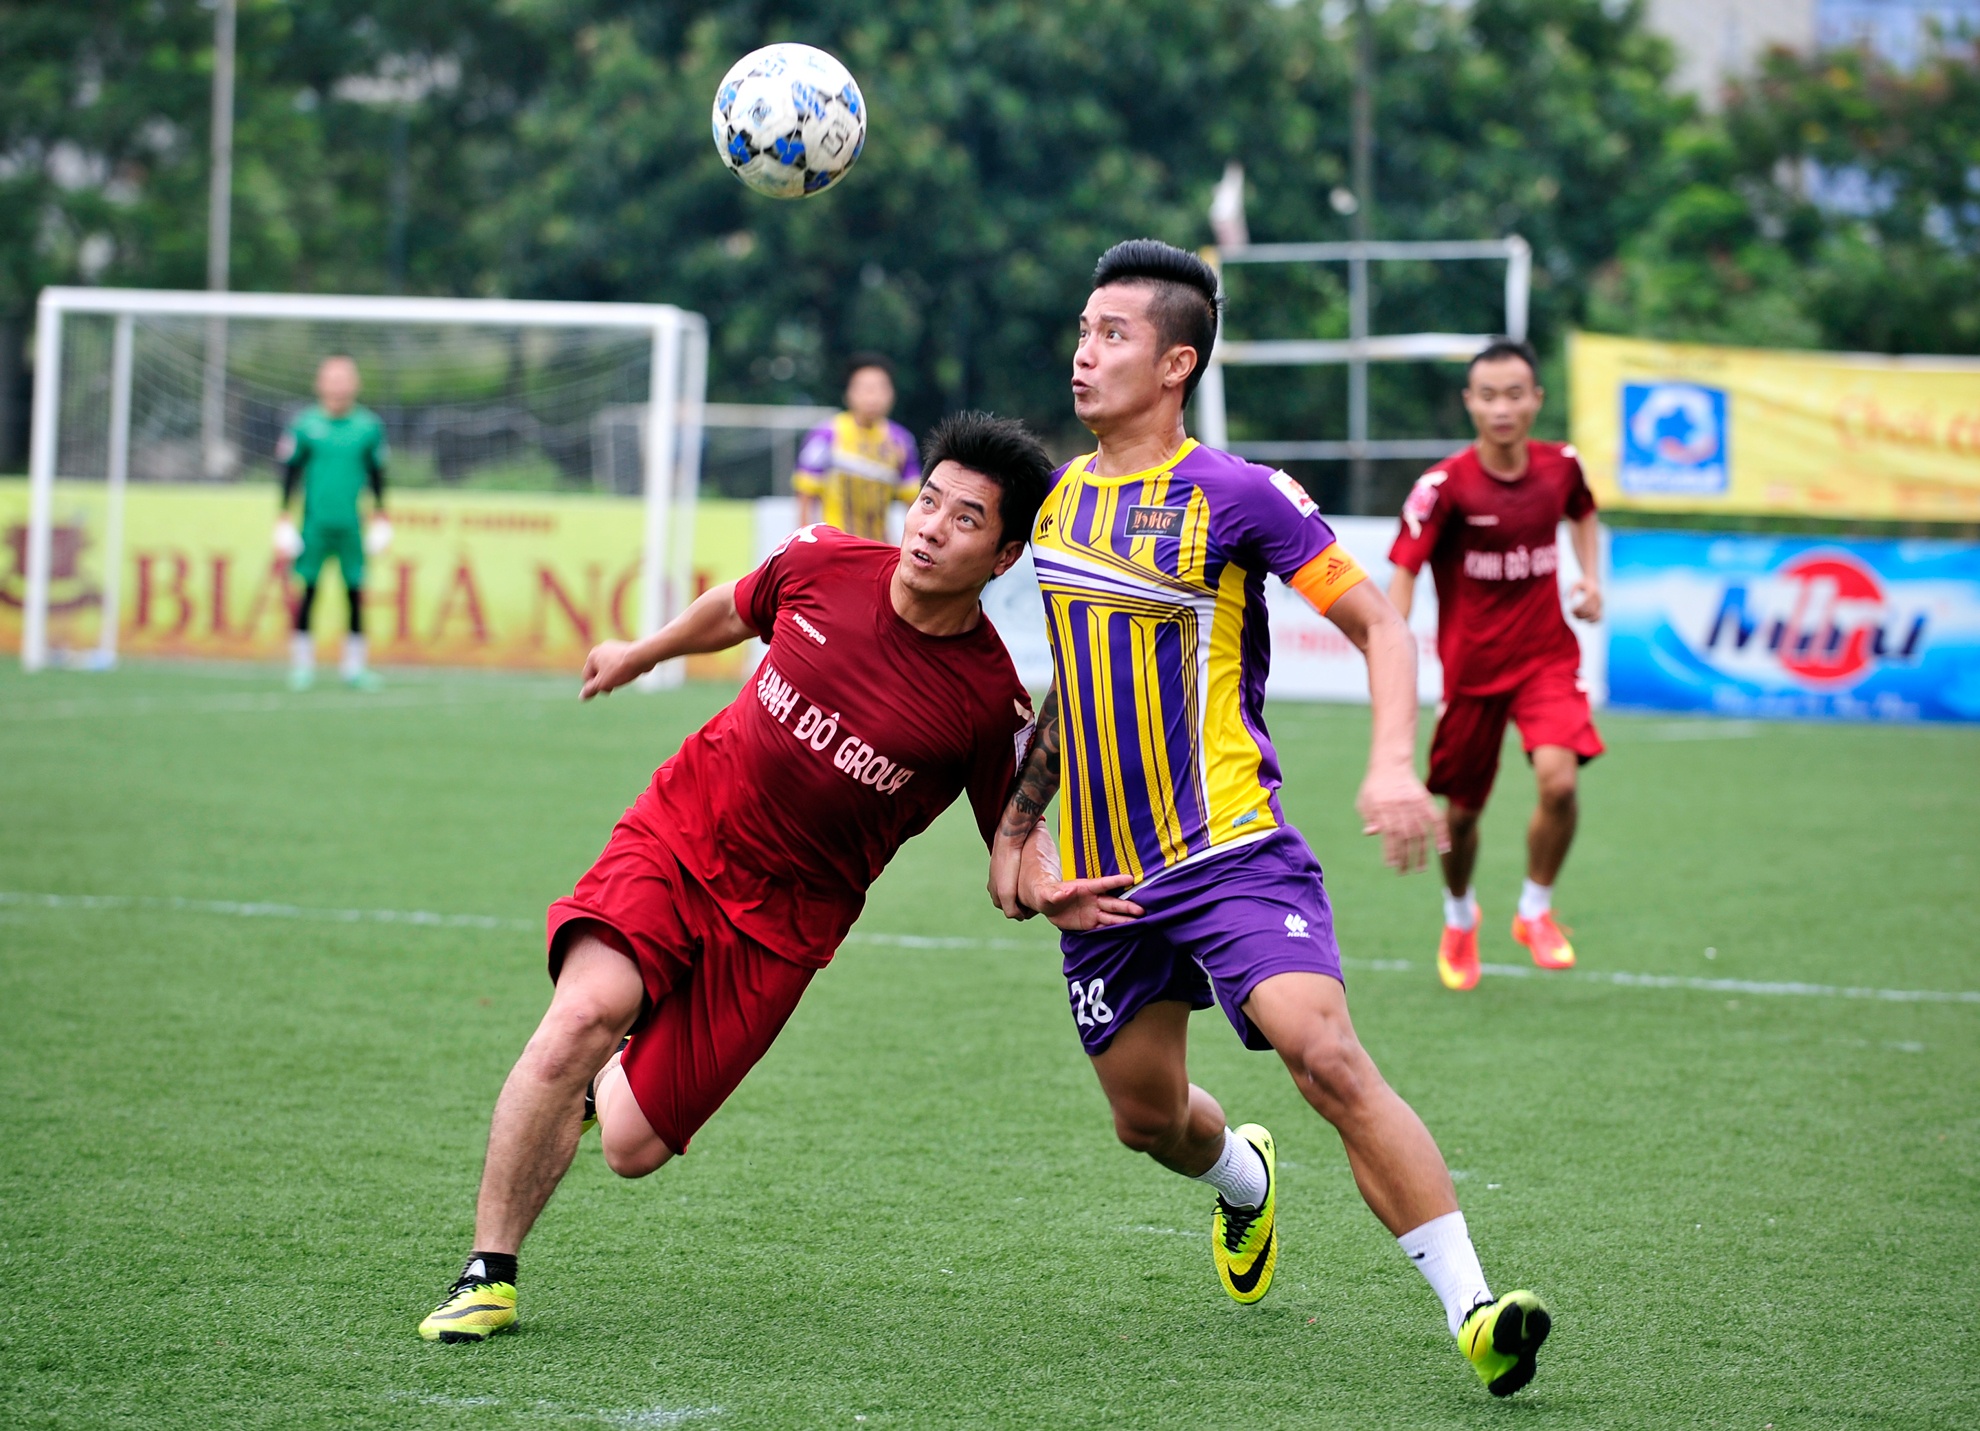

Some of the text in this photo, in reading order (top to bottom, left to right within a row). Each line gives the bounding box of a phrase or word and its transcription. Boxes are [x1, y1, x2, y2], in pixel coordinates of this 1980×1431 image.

[131, 552, 303, 638] BIA
[757, 662, 915, 796] KINH ĐÔ GROUP
[1071, 978, 1114, 1026] 28
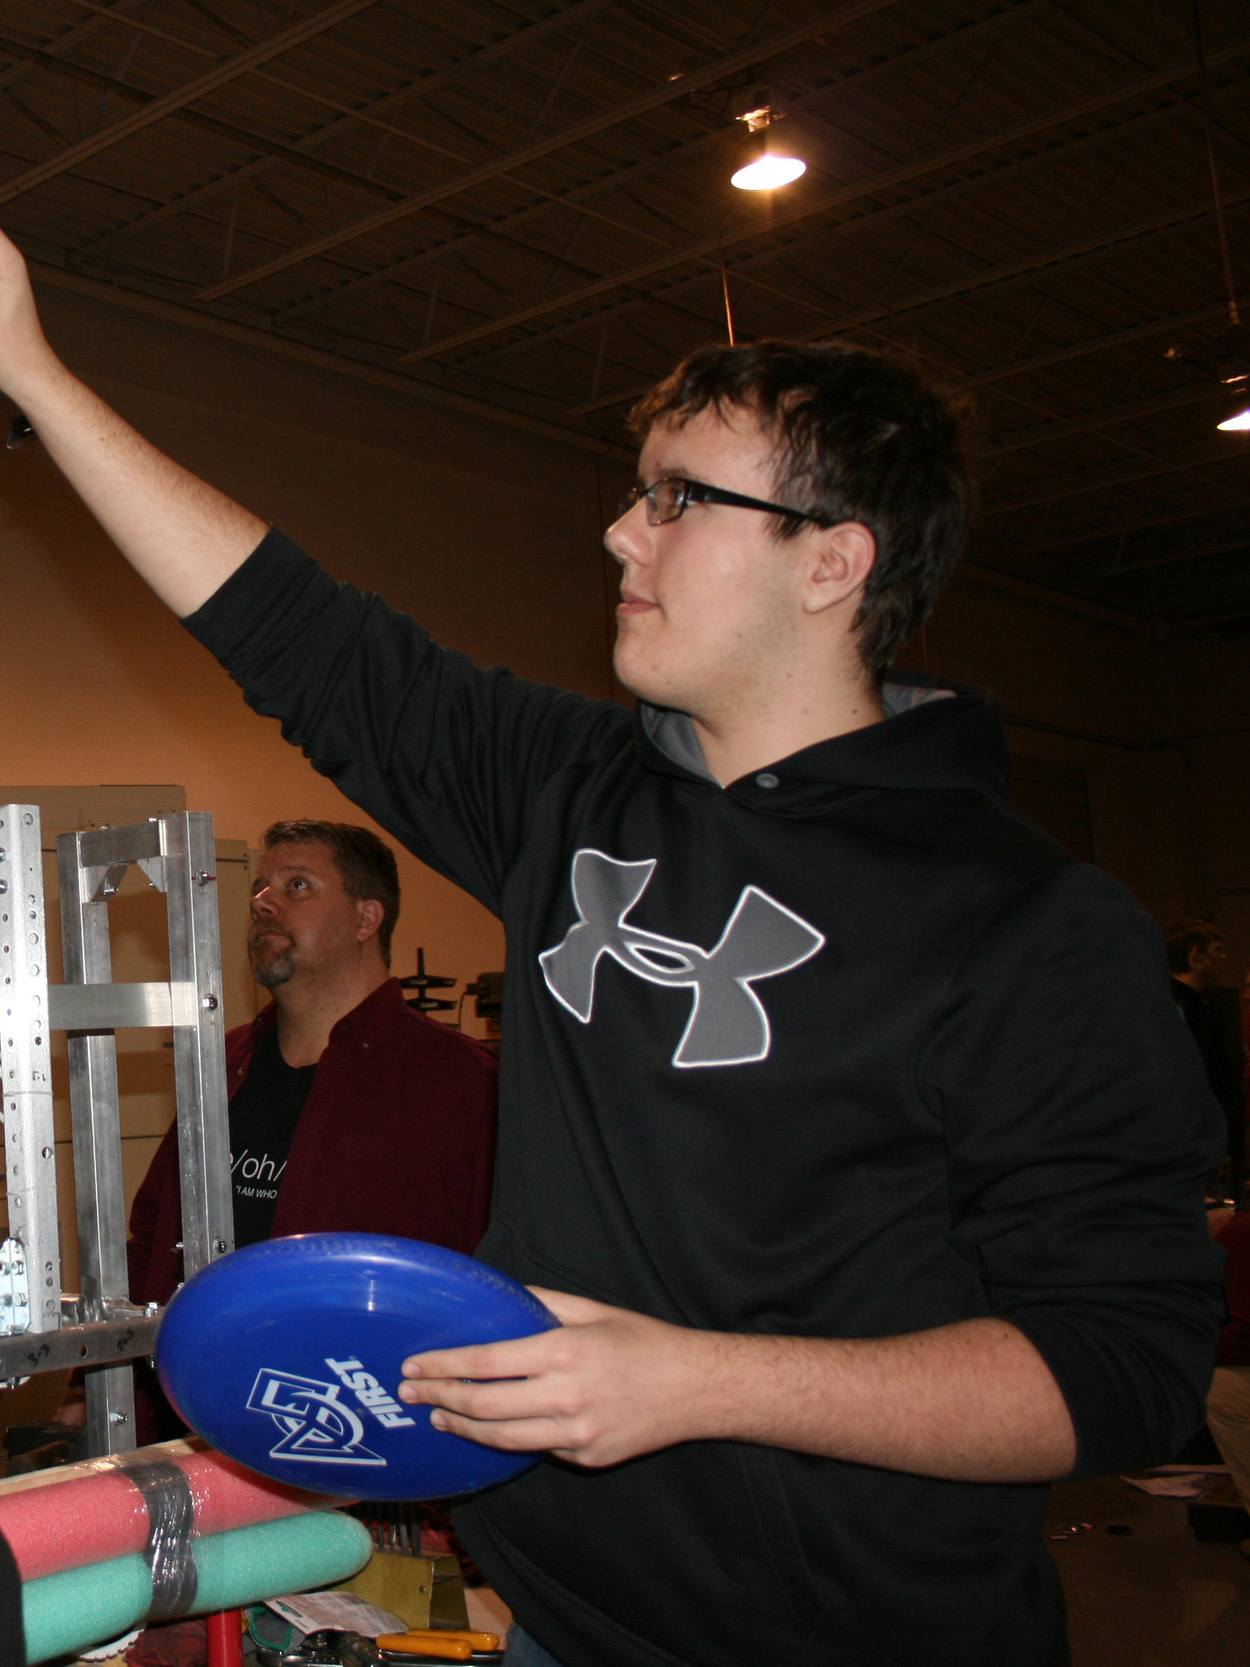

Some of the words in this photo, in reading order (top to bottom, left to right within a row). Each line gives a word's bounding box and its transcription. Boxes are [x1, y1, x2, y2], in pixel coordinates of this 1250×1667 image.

• • • •

### Assignment
Without any of the pictures, reproduce the listing above exactly.

### Answer box
Some of the text in this photo, in reading order (top to bottom, left to right within a row). Each line gives the bounding box of a phrase or word and its transcription. Boxes are [x1, y1, x2, y2], in pixel coordinates of this 1980×1431 image.

[131, 552, 303, 638] BIA
[757, 662, 915, 796] KINH ĐÔ GROUP
[1071, 978, 1114, 1026] 28

Some of the words in this photo, in reading order (top to bottom, left to right within a row). Each line gives a word's bounding box and its transcription. Boxes are [x1, y1, x2, y2], in pixel coordinates of this 1250×1667 image.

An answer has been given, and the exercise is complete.